TASK TO COMPLETE:
Transcribe every entry word for word, but skip the images.

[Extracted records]
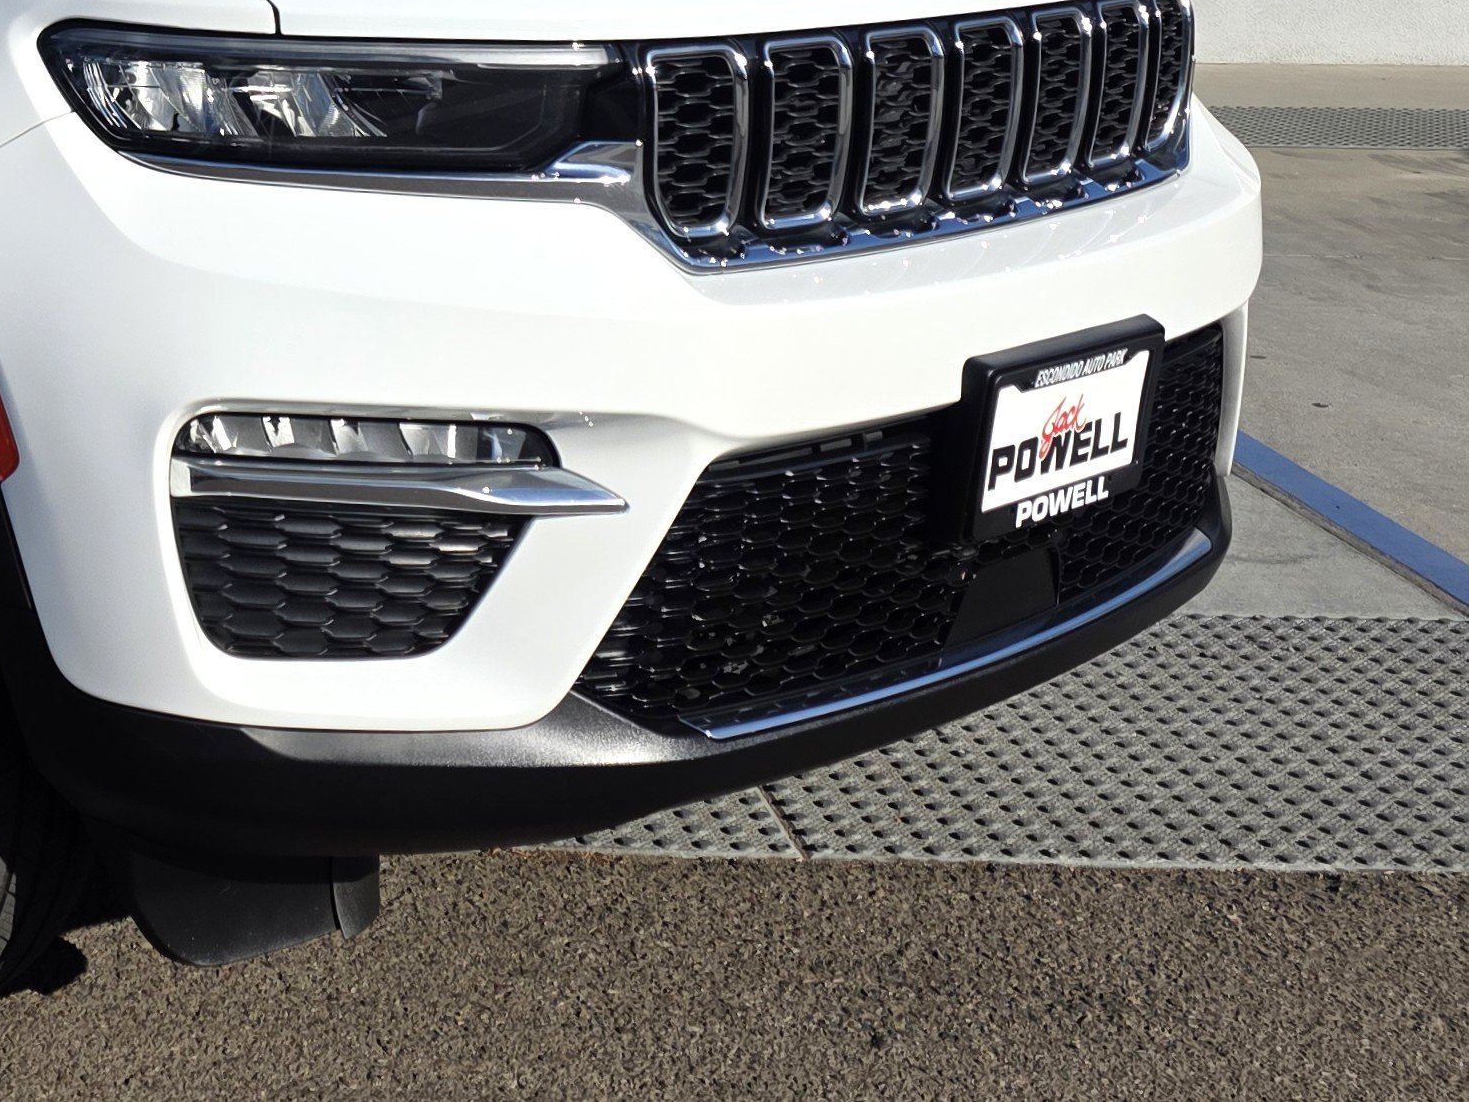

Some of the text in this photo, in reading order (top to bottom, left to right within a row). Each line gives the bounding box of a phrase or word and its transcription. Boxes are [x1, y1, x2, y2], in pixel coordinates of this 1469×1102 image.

[1034, 347, 1129, 388] ESCONDIDO AUTO PARK
[987, 411, 1129, 492] POWELL
[1038, 393, 1087, 460] Jack
[1014, 475, 1110, 529] POWELL

EXERCISE RESULT:
Some of the text in this photo, in reading order (top to bottom, left to right within a row). Each line gives the bounding box of a phrase or word and its transcription. Boxes are [x1, y1, x2, y2], in pixel coordinates of this 1469×1102 image.

[1034, 347, 1129, 388] ESCONDIDO AUTO PARK
[987, 411, 1129, 492] POWELL
[1038, 393, 1087, 460] Jack
[1014, 475, 1110, 529] POWELL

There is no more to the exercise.